— Your instructions —
Drop the pictures and repeat the remaining data exactly.

[Records shown — start]

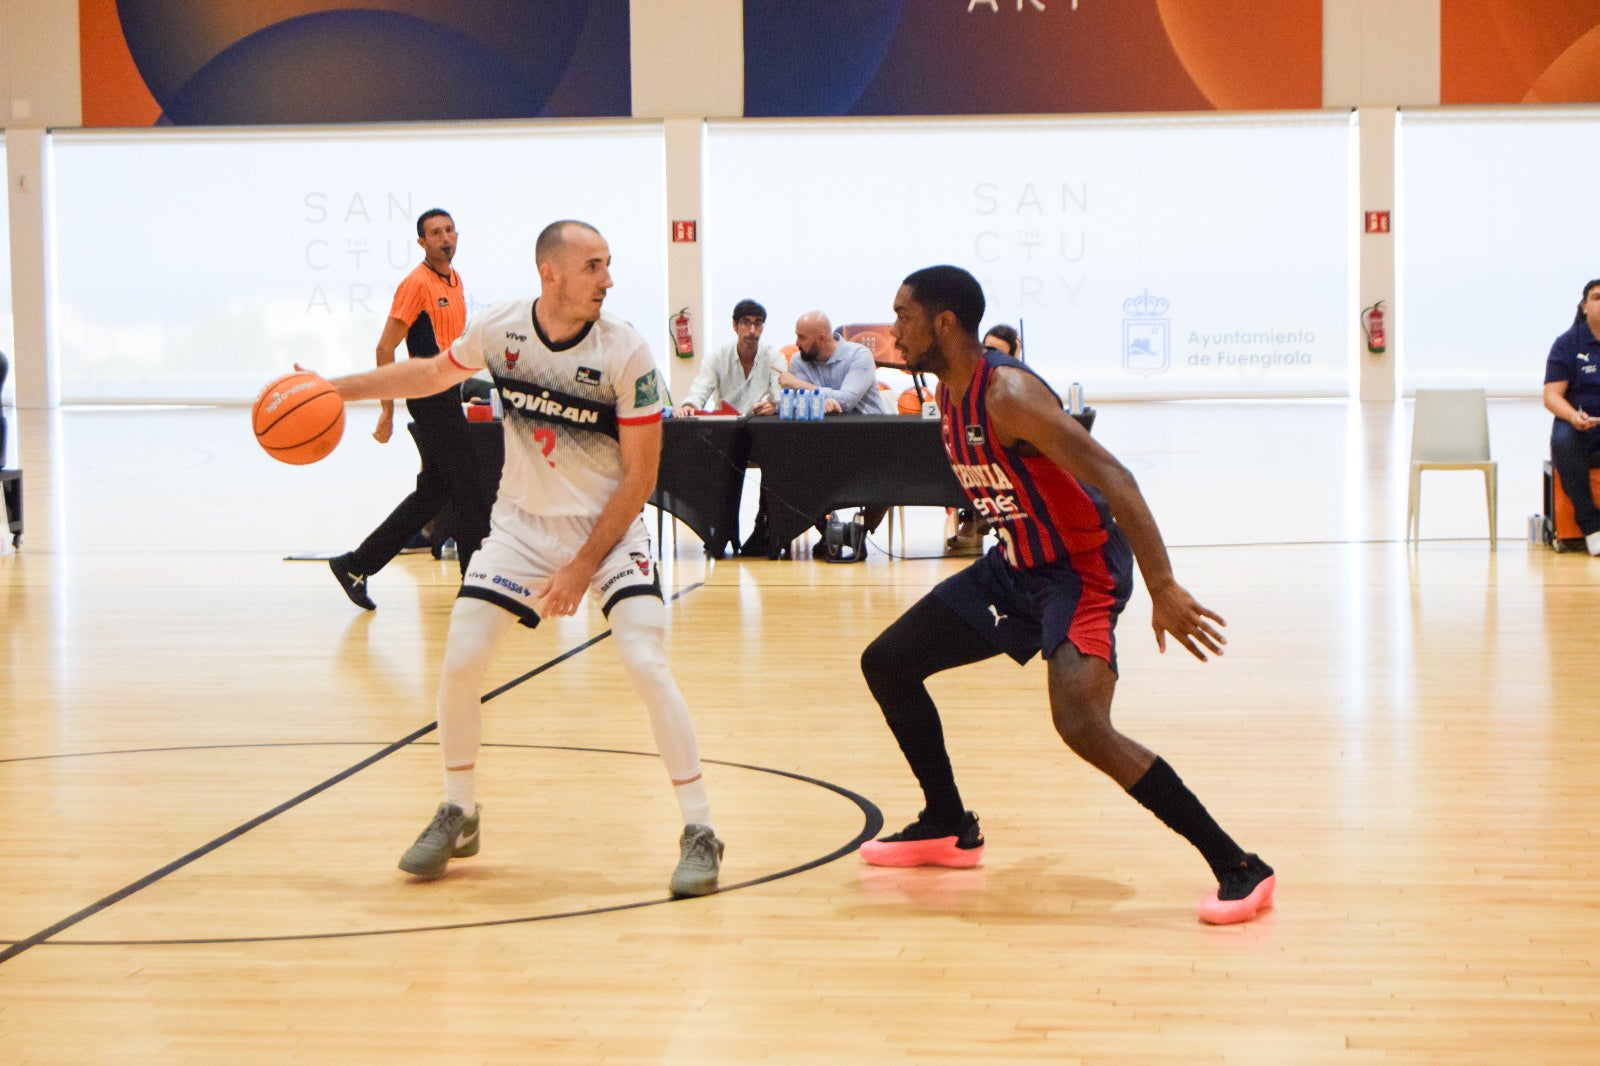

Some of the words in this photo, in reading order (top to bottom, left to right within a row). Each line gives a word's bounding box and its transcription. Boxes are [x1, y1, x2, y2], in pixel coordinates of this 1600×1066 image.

[304, 191, 413, 224] SAN
[973, 181, 1088, 215] SAN
[505, 331, 528, 342] vive
[1187, 328, 1316, 348] Ayuntamiento
[1187, 351, 1212, 366] de
[1217, 350, 1313, 369] Fuengirola
[928, 407, 937, 416] 2
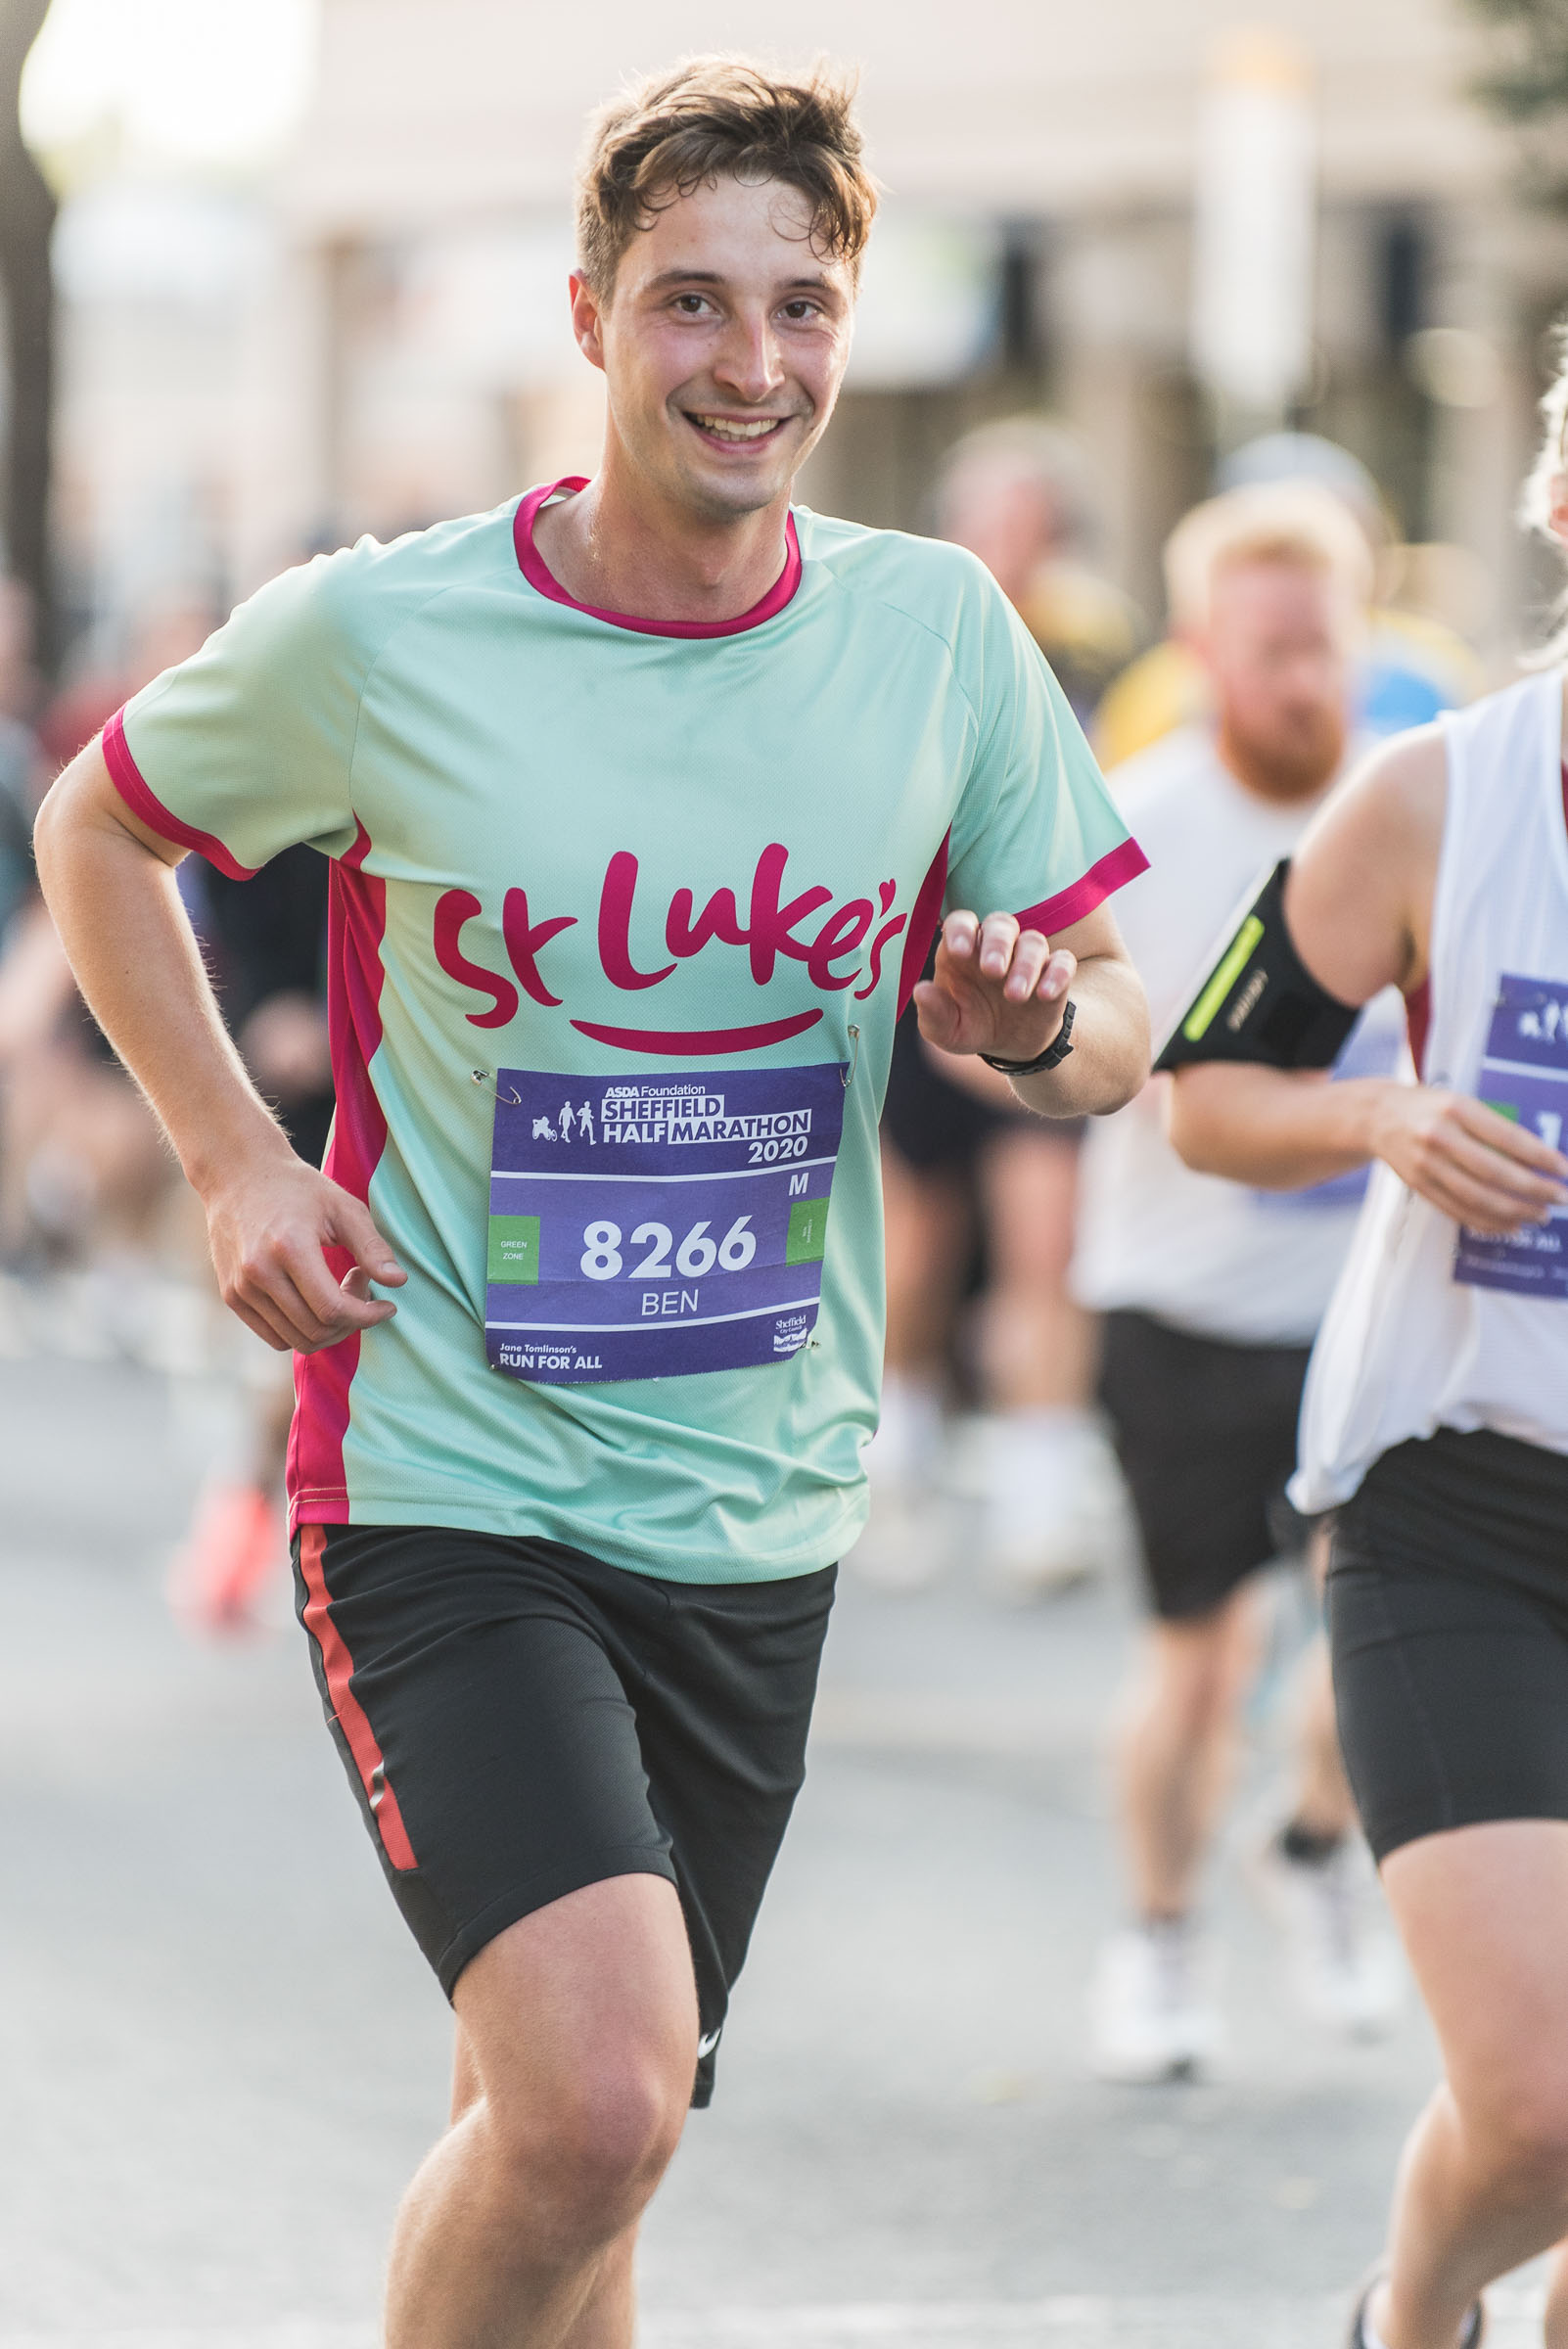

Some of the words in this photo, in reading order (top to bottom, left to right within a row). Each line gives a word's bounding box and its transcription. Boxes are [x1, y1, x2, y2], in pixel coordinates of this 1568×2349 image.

[597, 843, 907, 1000] Luke's
[605, 1086, 639, 1098] ASDA
[641, 1084, 705, 1097] Foundation
[604, 1097, 721, 1120] SHEFFIELD
[603, 1123, 667, 1143] HALF
[671, 1112, 809, 1142] MARATHON
[748, 1135, 808, 1164] 2020
[788, 1173, 809, 1196] M
[500, 1240, 528, 1249] GREEN
[580, 1215, 757, 1281] 8266
[502, 1252, 524, 1261] ZONE
[641, 1289, 699, 1316] BEN
[775, 1314, 807, 1330] Sheffield
[499, 1343, 522, 1353] Jane
[525, 1344, 576, 1354] Tomlinson's
[499, 1353, 534, 1368] RUN
[538, 1356, 570, 1369] FOR
[574, 1356, 603, 1369] ALL
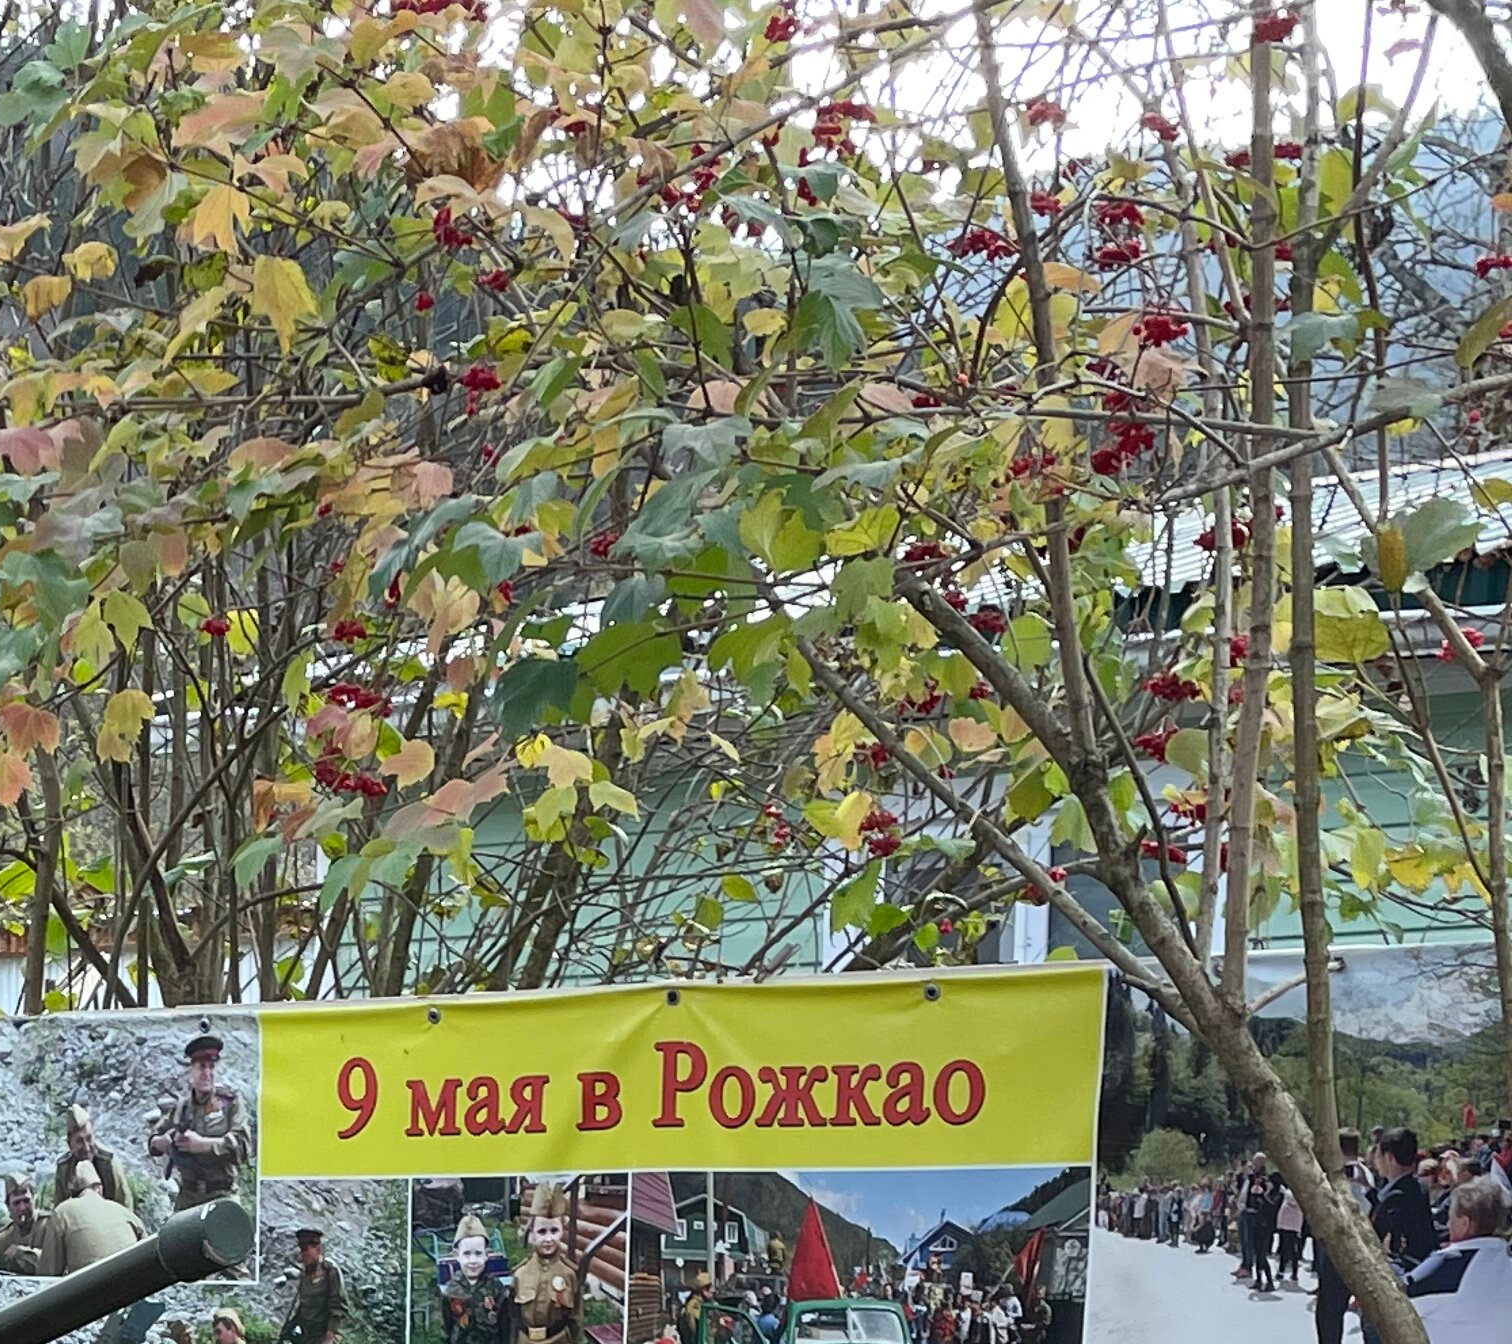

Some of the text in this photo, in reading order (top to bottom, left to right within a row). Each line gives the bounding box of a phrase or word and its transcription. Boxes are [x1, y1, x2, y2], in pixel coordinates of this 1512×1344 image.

[336, 1040, 987, 1140] 9 мая в Рожкао

[Records shown — finish]

— Exercise result —
Some of the words in this photo, in reading order (top to bottom, left to right within a row). Each line gives a word's bounding box and its transcription. Boxes are [x1, y1, x2, y2], in pixel coordinates of this 1600×1066 image.

[304, 191, 413, 224] SAN
[973, 181, 1088, 215] SAN
[505, 331, 528, 342] vive
[1187, 328, 1316, 348] Ayuntamiento
[1187, 351, 1212, 366] de
[1217, 350, 1313, 369] Fuengirola
[928, 407, 937, 416] 2

Some of the words in this photo, in reading order (top to bottom, left to right within a row). Each line gives a word's bounding box and its transcription. Boxes are [x1, y1, x2, y2], in pixel coordinates of this 1568×2349 image.

[597, 843, 907, 1000] Luke's
[605, 1086, 639, 1098] ASDA
[641, 1084, 705, 1097] Foundation
[604, 1097, 721, 1120] SHEFFIELD
[603, 1123, 667, 1143] HALF
[671, 1112, 809, 1142] MARATHON
[748, 1135, 808, 1164] 2020
[788, 1173, 809, 1196] M
[500, 1240, 528, 1249] GREEN
[580, 1215, 757, 1281] 8266
[502, 1252, 524, 1261] ZONE
[641, 1289, 699, 1316] BEN
[775, 1314, 807, 1330] Sheffield
[499, 1343, 522, 1353] Jane
[525, 1344, 576, 1354] Tomlinson's
[499, 1353, 534, 1368] RUN
[538, 1356, 570, 1369] FOR
[574, 1356, 603, 1369] ALL

Some of the text in this photo, in reading order (top to bottom, left to right within a row). Each line gives the bounding box of a phrase or word and its transcription. Boxes are [x1, y1, x2, y2], in pixel coordinates of this 1512×1344 image.

[336, 1040, 987, 1140] 9 мая в Рожкао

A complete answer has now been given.